The records:
========
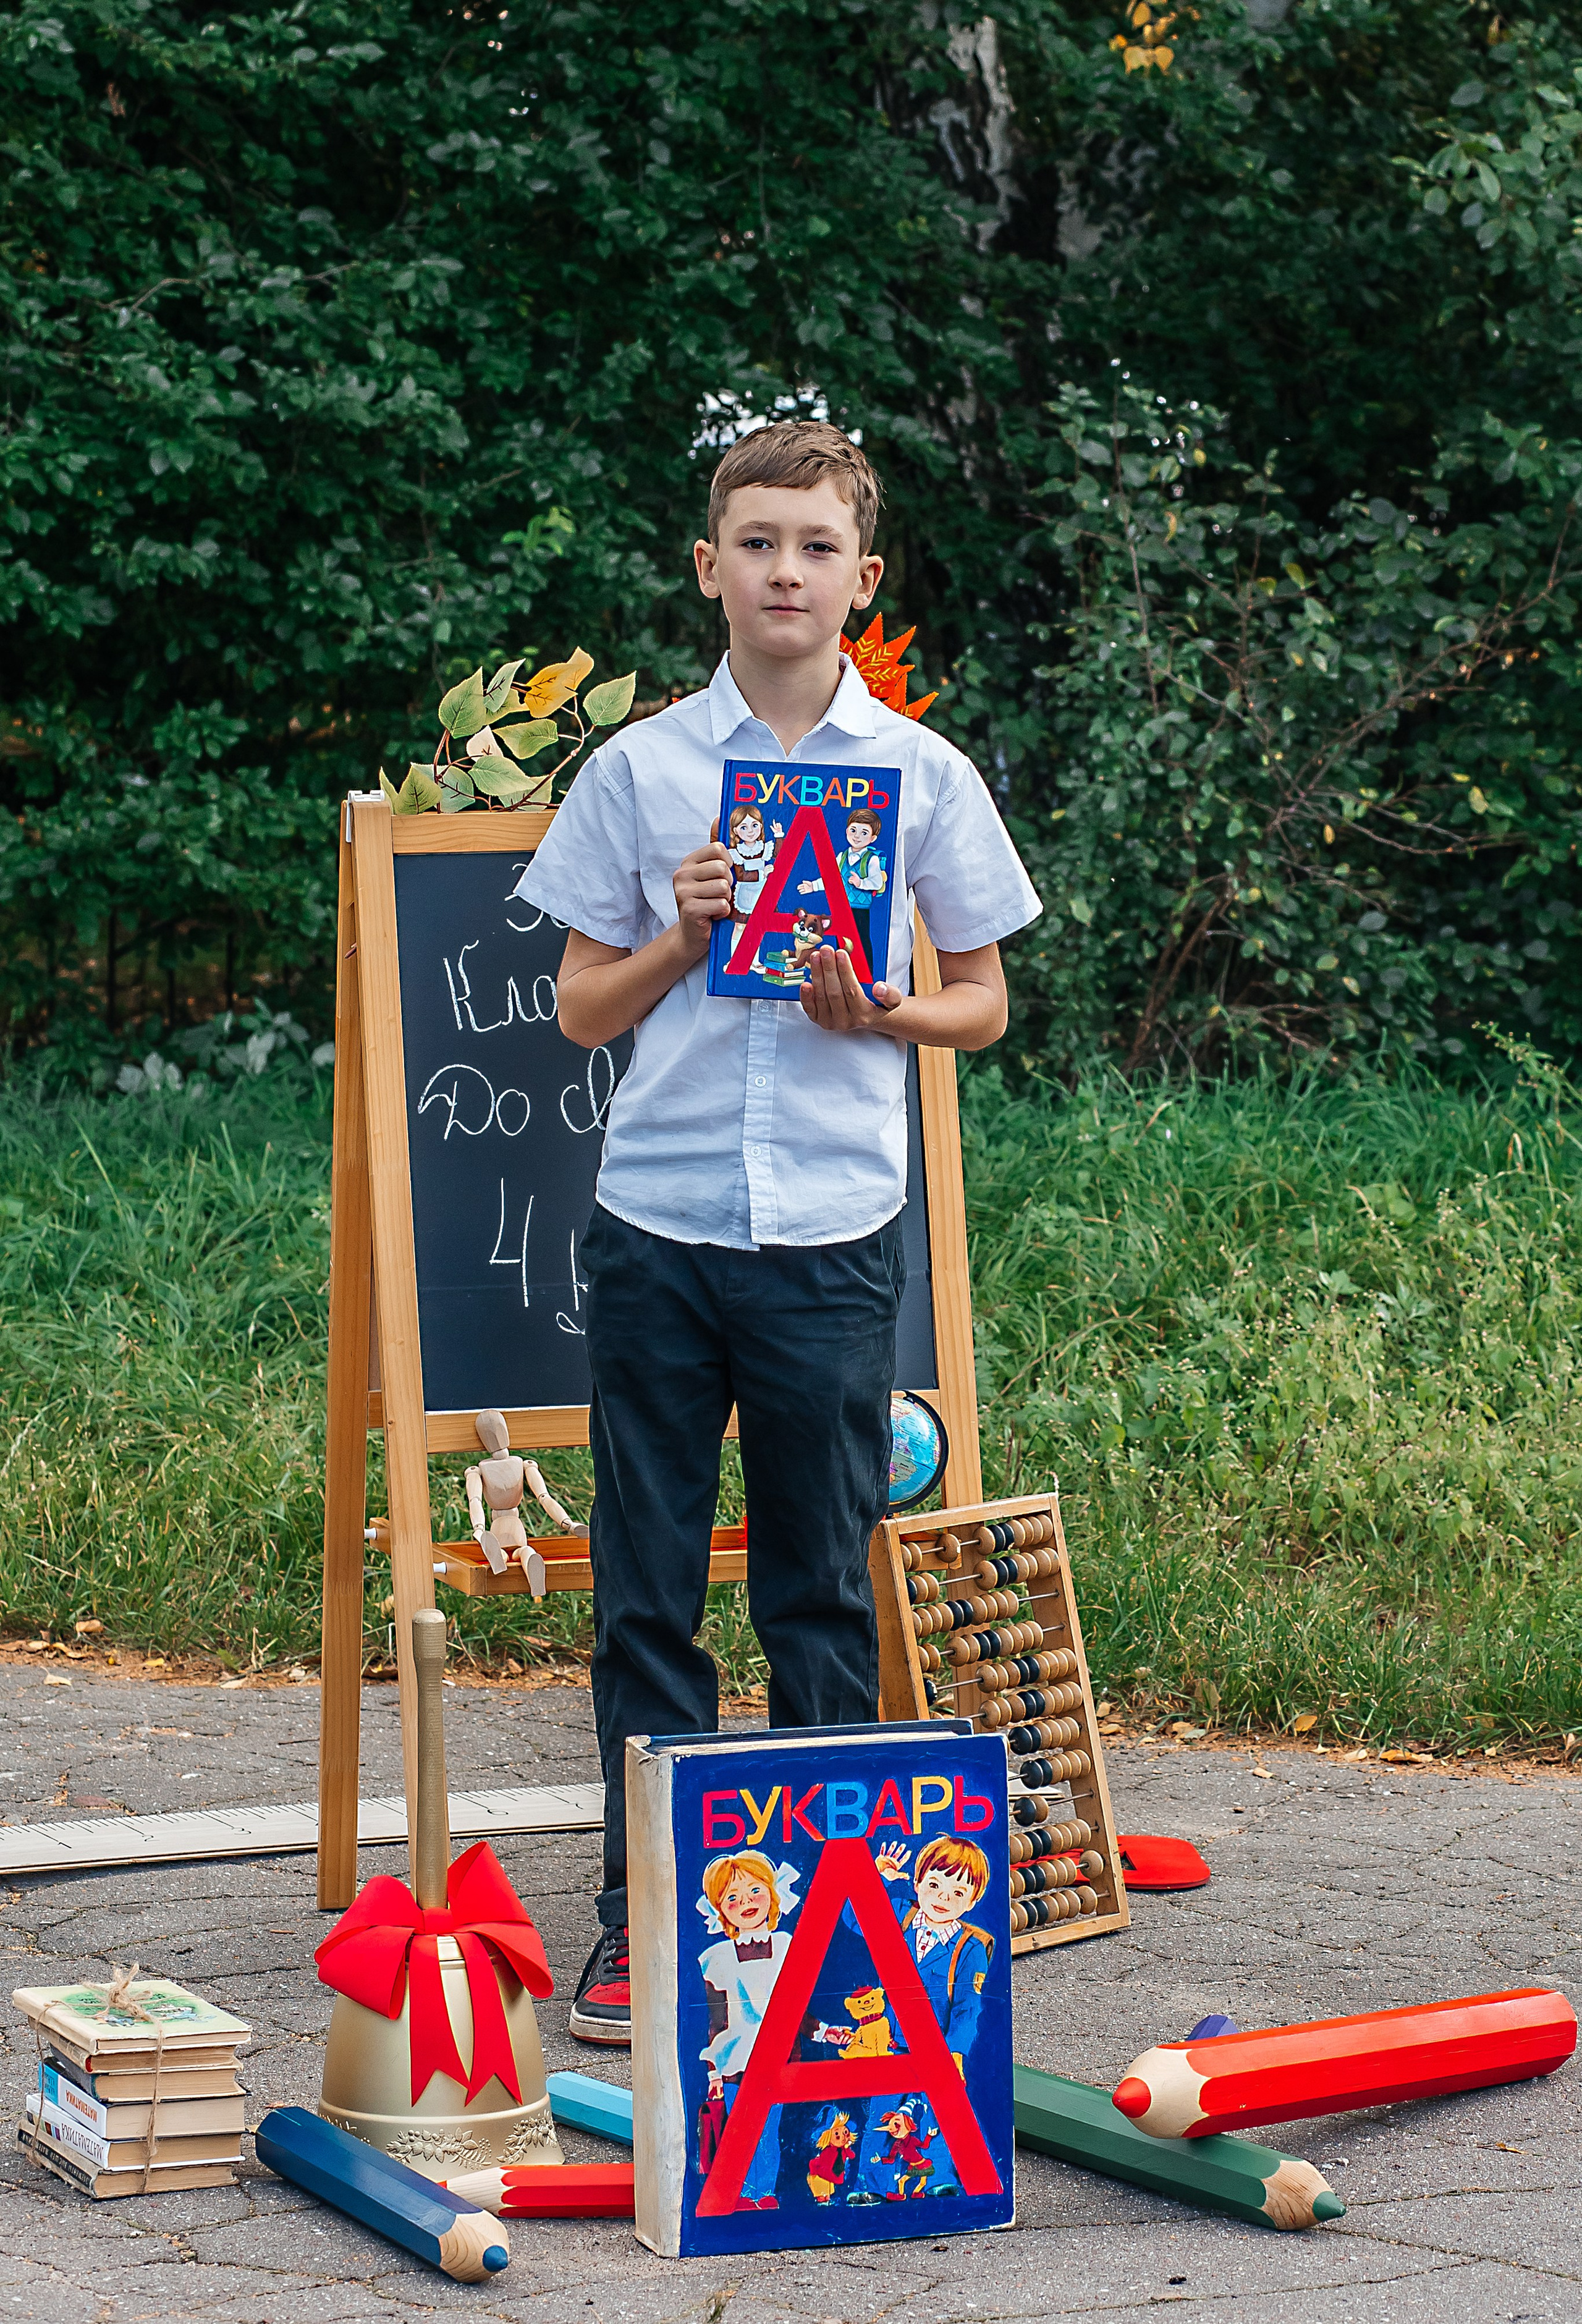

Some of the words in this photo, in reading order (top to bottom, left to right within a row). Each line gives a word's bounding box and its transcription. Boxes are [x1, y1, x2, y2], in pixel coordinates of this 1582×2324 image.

[734, 772, 890, 809] БУКВАРЬ
[724, 806, 874, 984] А
[418, 1063, 530, 1141] До
[489, 1177, 535, 1308] 4
[702, 1775, 995, 1849] БУКВАРЬ
[695, 1838, 1004, 2217] А
[61, 2122, 104, 2162] МАТЕМАТИКА
[66, 2089, 98, 2123] МАТЕМАТИКА
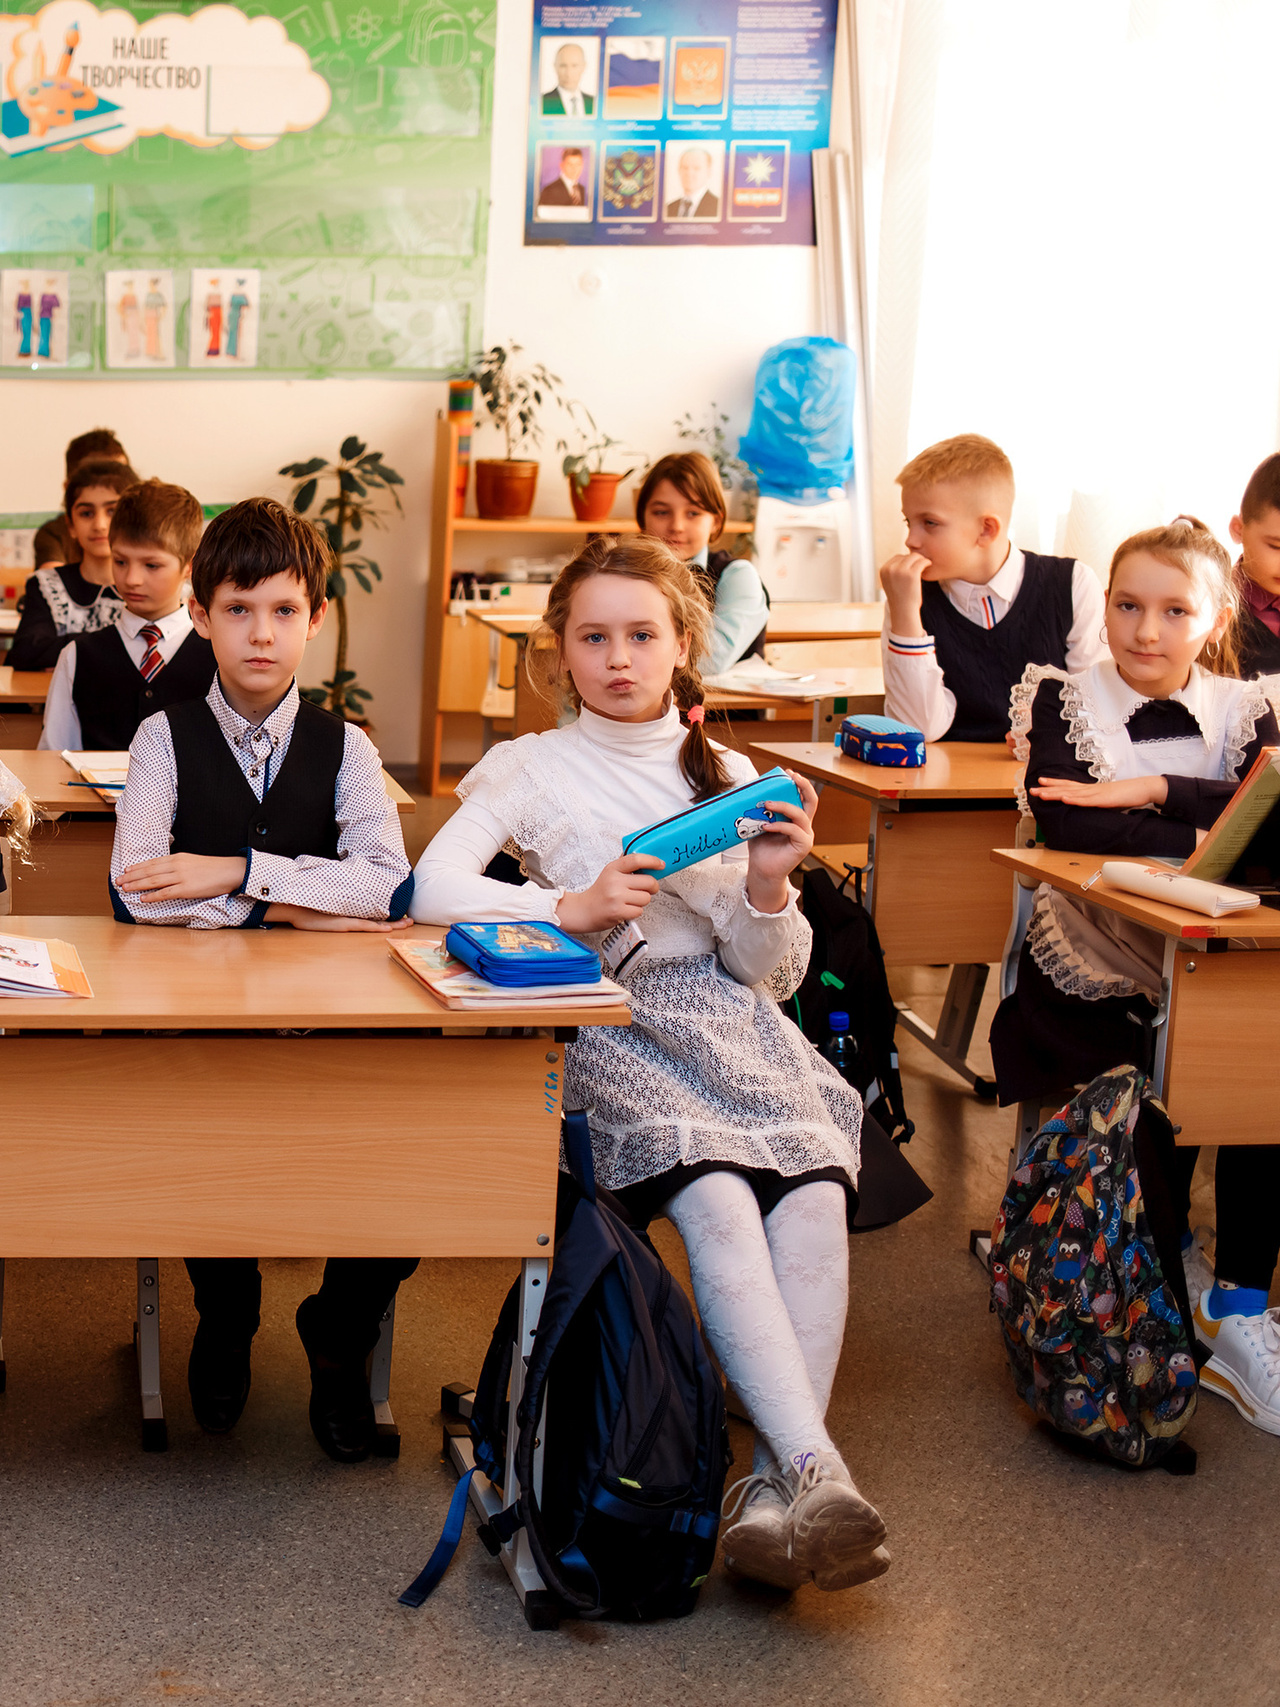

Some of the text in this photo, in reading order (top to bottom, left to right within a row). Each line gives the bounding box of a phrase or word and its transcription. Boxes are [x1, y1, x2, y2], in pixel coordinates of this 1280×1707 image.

[112, 37, 169, 60] НАШЕ
[80, 65, 201, 88] ТВОРЧЕСТВО
[672, 828, 728, 865] Hello!
========
Your task: Lines are to be repeated exactly from the one that contains "Some of the text" through the last line of the listing, with both ends kept and no others added.

Response to this exercise:
Some of the text in this photo, in reading order (top to bottom, left to right within a row). Each line gives the bounding box of a phrase or word and its transcription. Boxes are [x1, y1, x2, y2], in pixel coordinates of this 1280×1707 image.

[112, 37, 169, 60] НАШЕ
[80, 65, 201, 88] ТВОРЧЕСТВО
[672, 828, 728, 865] Hello!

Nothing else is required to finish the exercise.